Este es el efecto que causa el niño que va hacia el inmenso mundo: cambia todo para él, cambia todo para las personas hacia las que va. En la disposición natural del niño hay interés, profundidad, constancia y seriedad. Antonelle no es un niño extraordinario. Es, simplemente, un niño al que se ha dejado ser niño -algo cada vez más difícil de encontrar.

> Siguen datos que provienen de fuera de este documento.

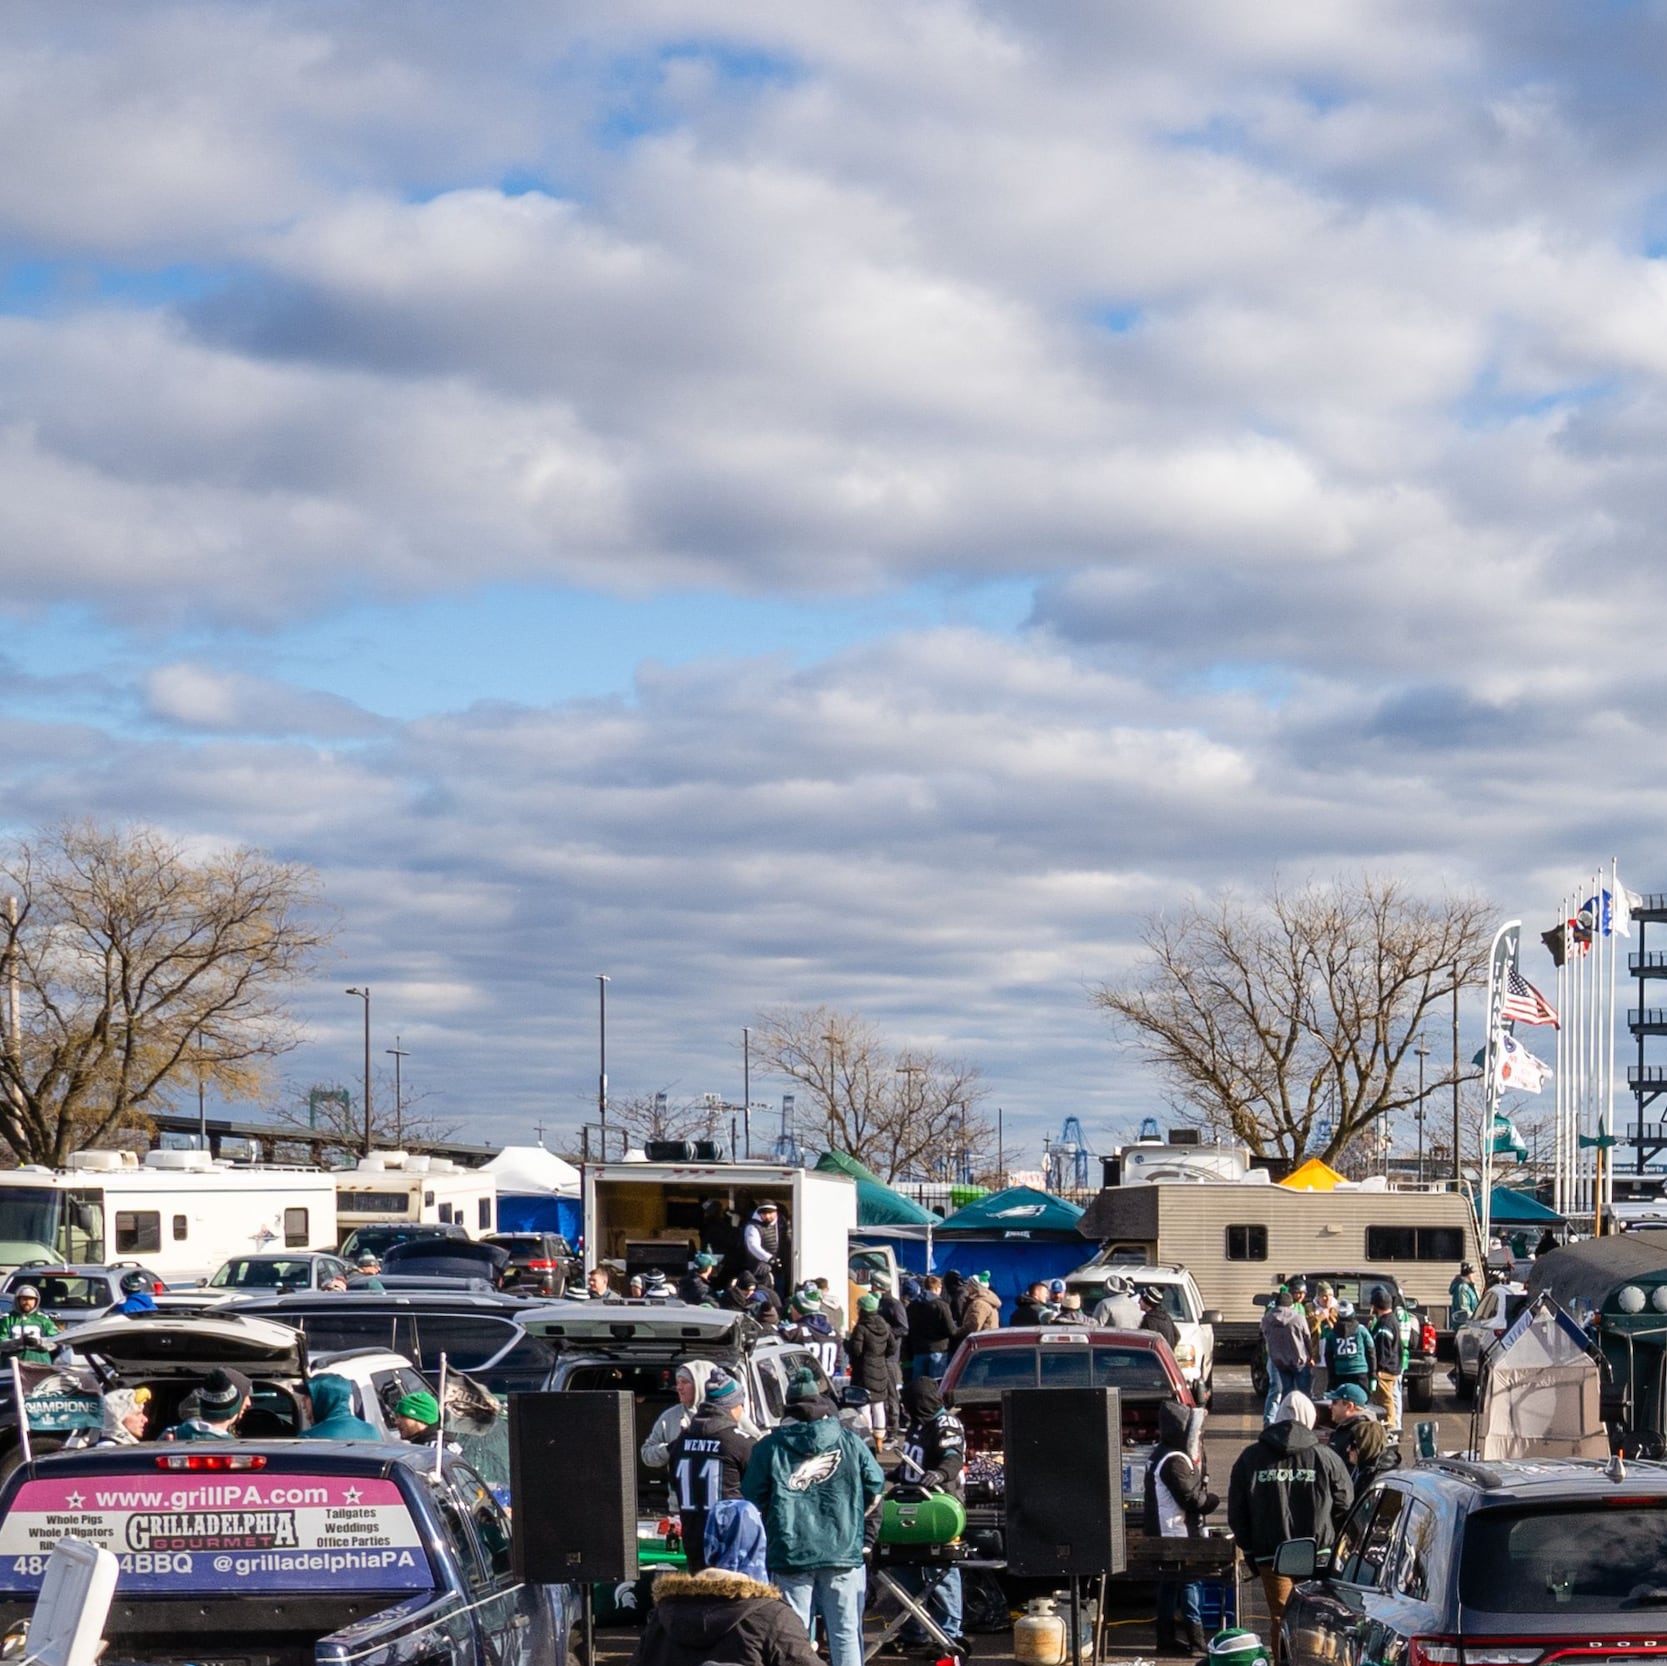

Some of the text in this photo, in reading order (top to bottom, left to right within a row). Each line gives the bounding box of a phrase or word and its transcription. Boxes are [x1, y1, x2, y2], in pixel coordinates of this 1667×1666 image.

Si la familia se hubiera quedado en casa, si no se hubiera detenido a contemplar lo que había entusiasmado al niño, nunca habría vivido esta experiencia. Ya ni nos damos cuenta, pero siempre estamos con el sí, pero..., que nos mantiene al mundo. En lugar de ello, pretendemos desligar el aprendizaje de la vida. André conoció a los 23 años al luthier que cambió su vida. No empezó explicándole mira, esto es madera, viene de los árboles, que están en el bosque... con esa voz condescendiente con la que hablamos a los niños. En lugar de eso, le recibió diciéndole puedo mostrártelo todo, pero no te puedo enseñar nada. Y así fue. Stern aprendió el oficio de luthier observando y haciendo... ¿por qué tratamos a los niños de otra manera? Los niños quieren tener su papel en el mundo. Al tratarles de forma diferente, les estamos haciendo sentir como otro grupo de personas, se dan cuenta de que entre nosotros no hablamos de este modo, se sienten excluidos.
Al otro lado del espejo
Todos tenemos una nostalgia: el apego. Durante 9 meses vivimos el apego más fuerte que puede vivirse con otro ser humano. El apego como factor de dependencia, gracias al cual, hemos podido crecer cada día hacía la autonomía. La sociedad defiende lo opuesto: propone forzar al niño hacia la autonomia, sacarlo del nido. Dejar a los niños llorar para que se vuelvan autónomos.
Como reacción a esto, muchos padres se vuelven excesivamente protectores. Aislan a los niños de un mundo que no les gusta, llevan a cabo sacrificios como dejar sus trabajos para dedicarse integramente a sus hijos... Stern explica que esta actitud no era la de sus padres y aconseja: Si quieres tener niños felices, no renuncies a tu vida. Si quieres tener niños felices, que vean la felicidad en ti.
André finaliza insistiendo en que no quiere ir en contra ni a favor de nada, sólo exponer su experiencia, hacer reflexionar sobre lo que nos constituye, sobre el equipamiento de serie con el que nacemos y que es la base de una vida plena. Traernos, al menos durante lo que dura una charla, del otro lado del espejo -de nosotros dependerá quedarnos o no un ratito más.